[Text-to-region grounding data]
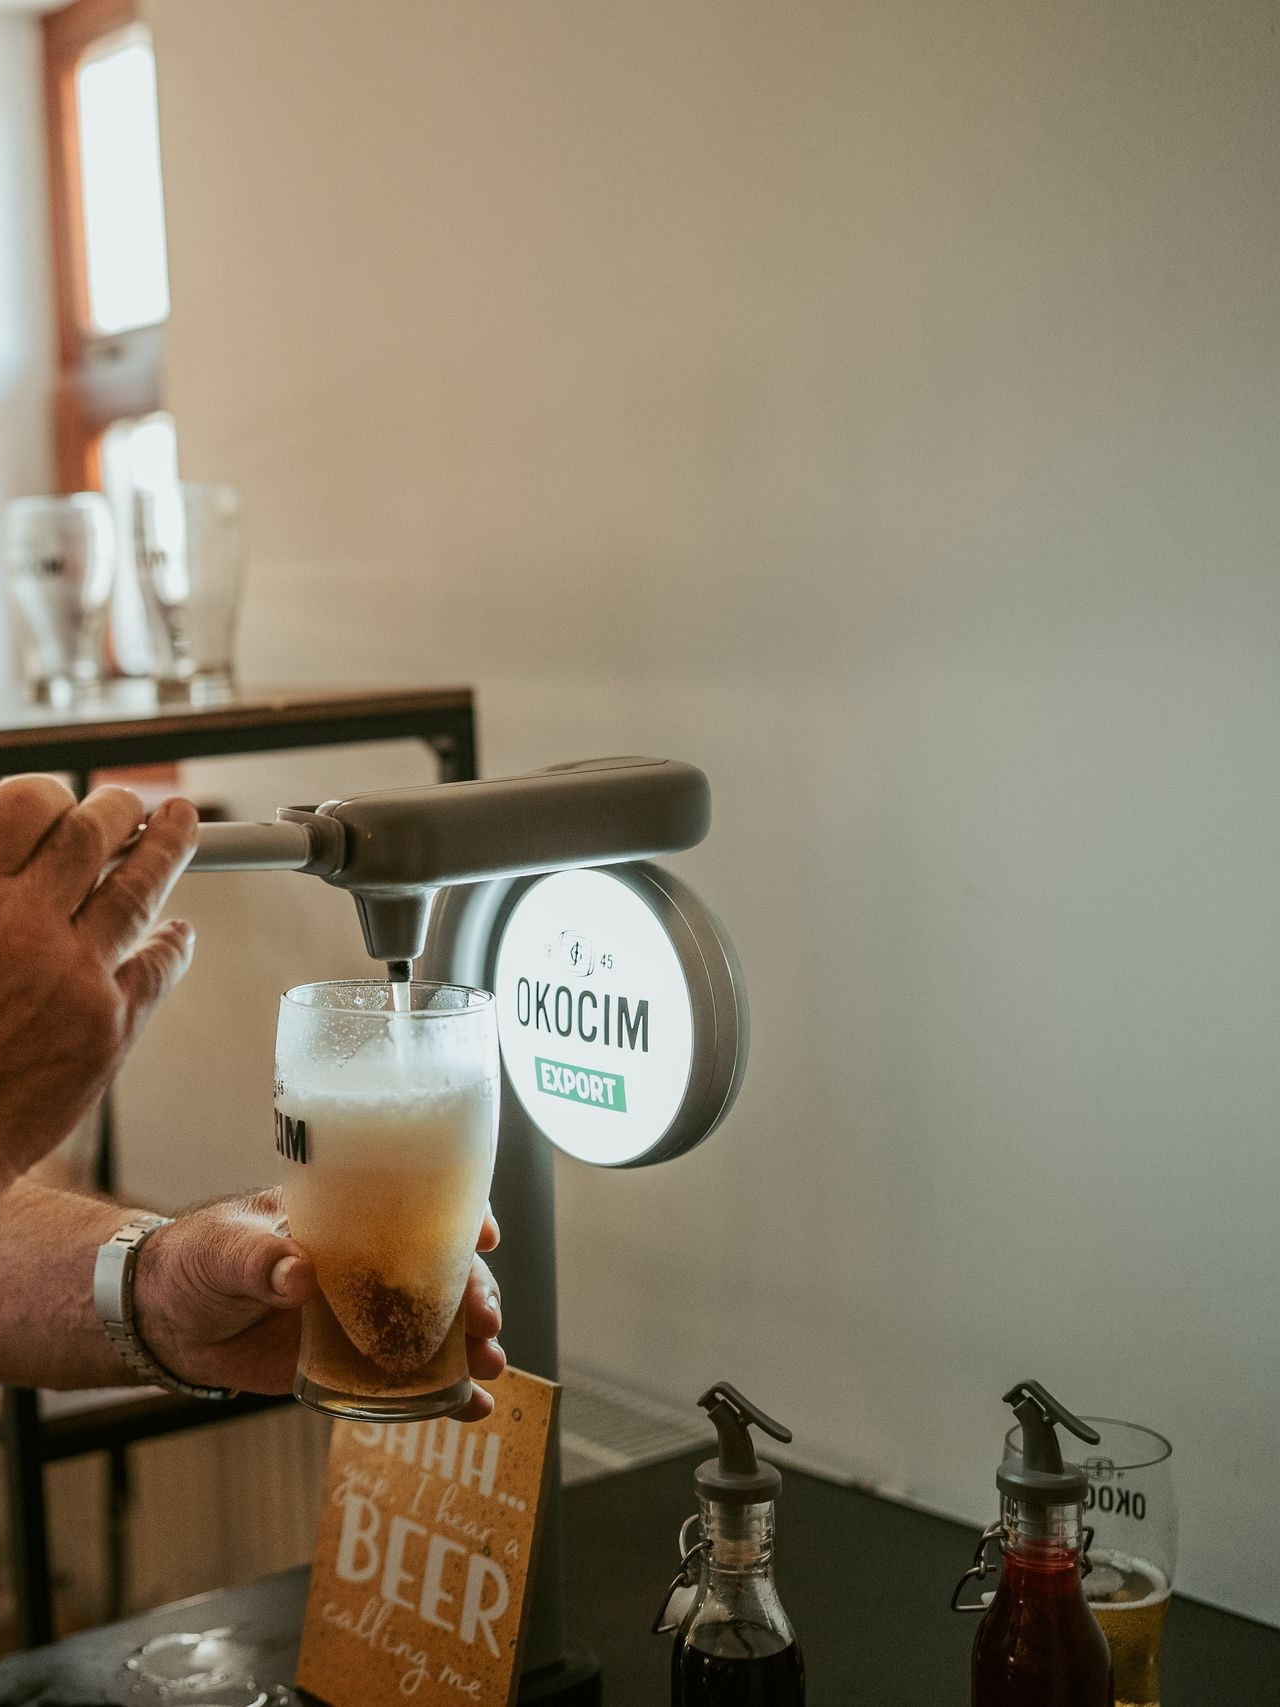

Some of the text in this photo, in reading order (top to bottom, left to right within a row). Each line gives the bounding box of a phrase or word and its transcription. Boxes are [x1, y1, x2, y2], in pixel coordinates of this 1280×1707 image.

[517, 977, 649, 1053] OKOCIM
[540, 1062, 616, 1106] EXPORT
[409, 1471, 429, 1515] I
[434, 1483, 497, 1542] hear
[504, 1538, 520, 1560] a
[335, 1490, 510, 1659] BEER
[322, 1595, 482, 1701] calling me
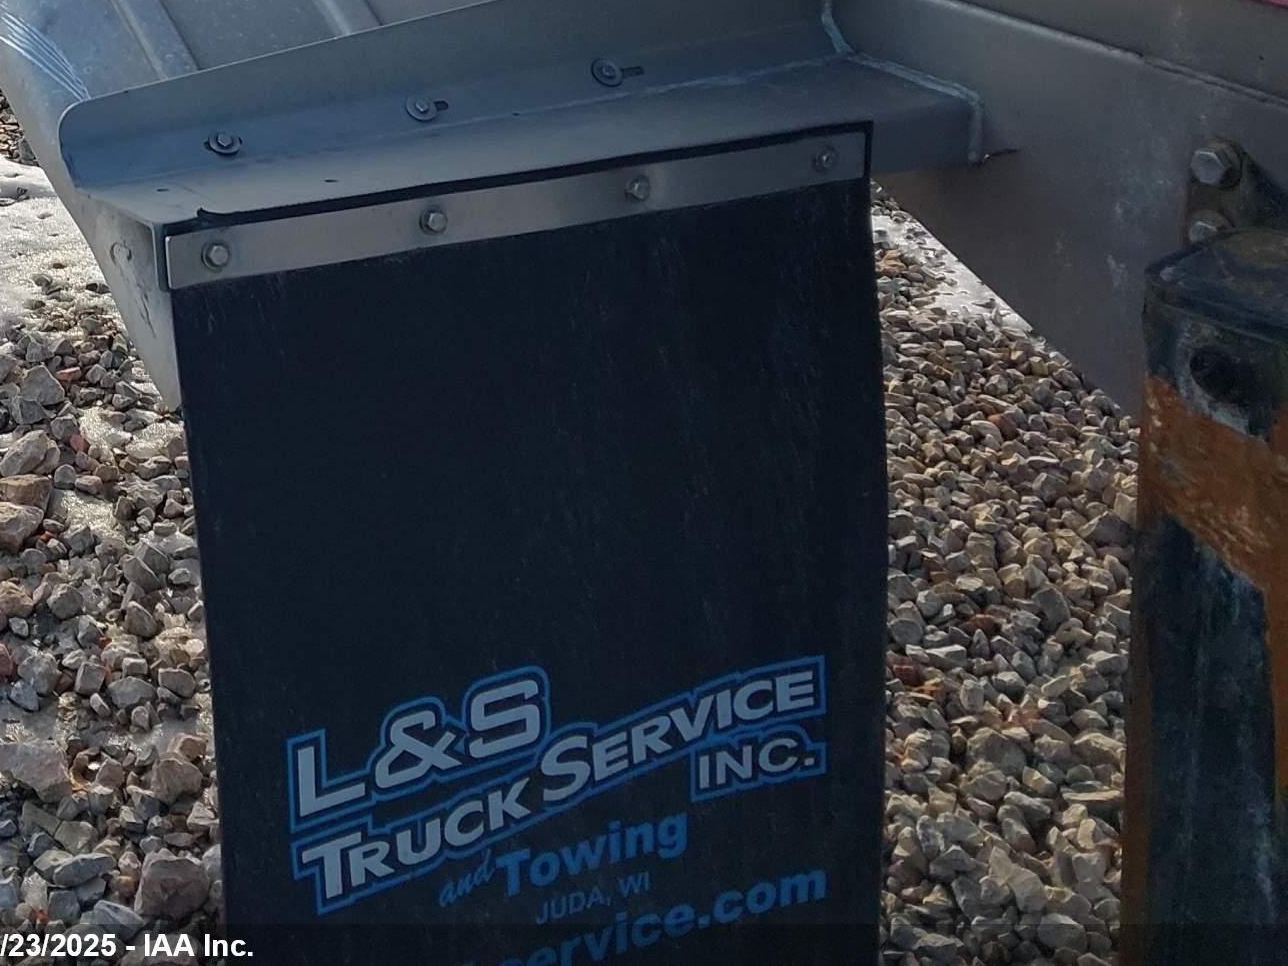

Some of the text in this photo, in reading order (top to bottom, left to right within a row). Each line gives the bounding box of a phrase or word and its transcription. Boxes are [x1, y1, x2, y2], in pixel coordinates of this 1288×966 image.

[296, 679, 541, 817] L&S
[301, 670, 815, 900] TRUCK SERVICE
[698, 737, 815, 790] INC.
[439, 812, 688, 908] and Towing
[535, 871, 651, 925] JUDA, WI
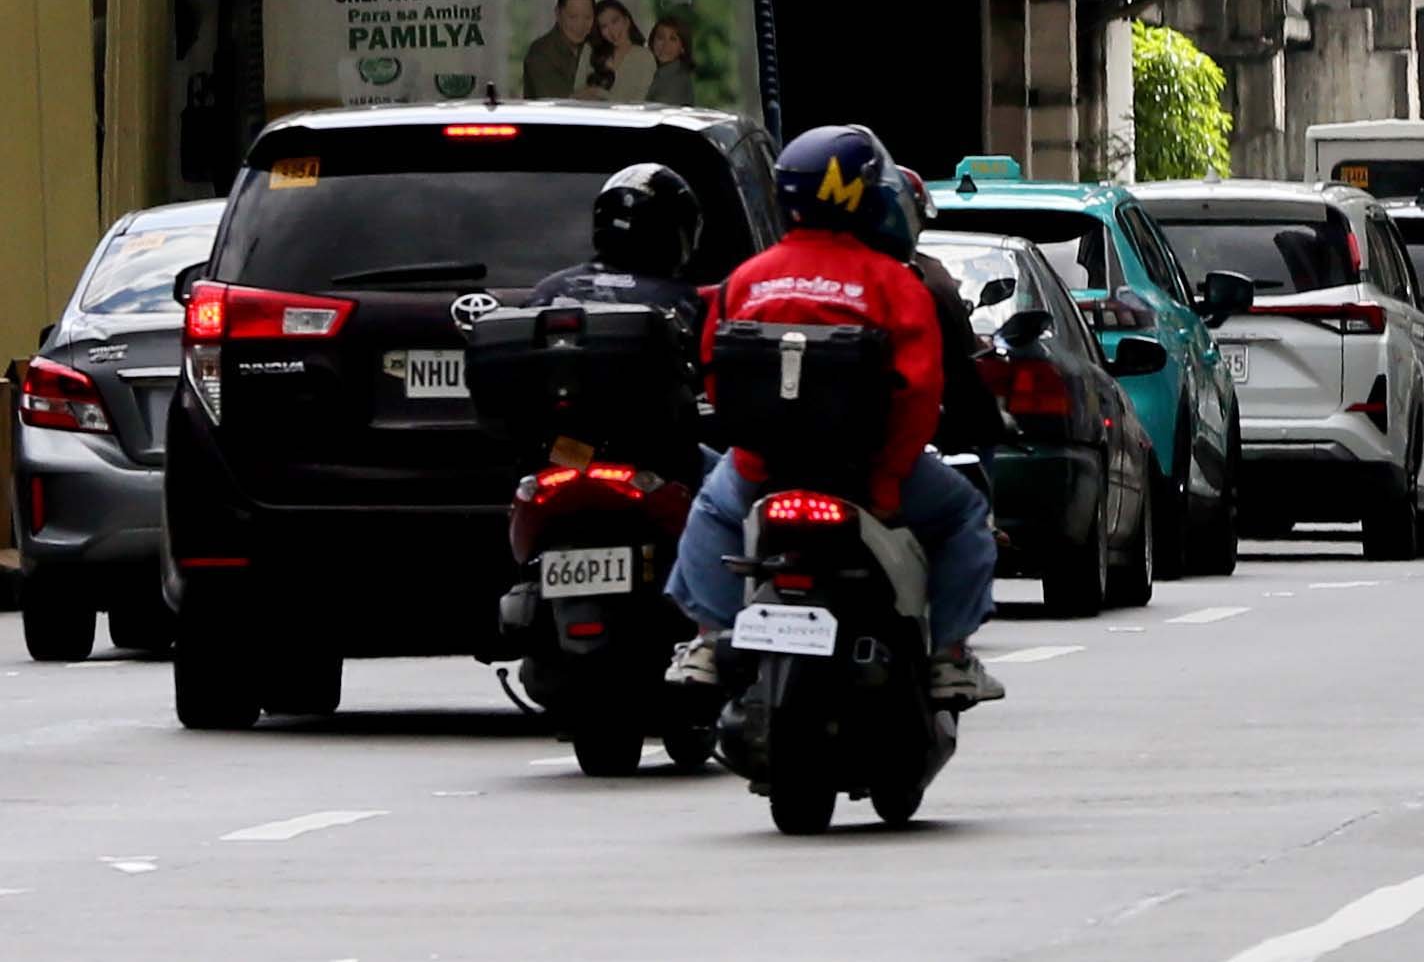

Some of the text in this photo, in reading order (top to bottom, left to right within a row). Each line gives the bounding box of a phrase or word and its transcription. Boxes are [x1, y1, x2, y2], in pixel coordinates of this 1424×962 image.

[349, 4, 482, 23] Para sa Aming
[349, 23, 485, 50] PAMILYA
[410, 359, 460, 388] NHU

→ **Problem requirements**: Exact copies of the lines from the one holding "this 1424×962 image." through the last line above, and only those, make up the answer.

→ **Exercise output**:
Some of the text in this photo, in reading order (top to bottom, left to right within a row). Each line gives the bounding box of a phrase or word and its transcription. Boxes are [x1, y1, x2, y2], in pixel coordinates of this 1424×962 image.

[349, 4, 482, 23] Para sa Aming
[349, 23, 485, 50] PAMILYA
[410, 359, 460, 388] NHU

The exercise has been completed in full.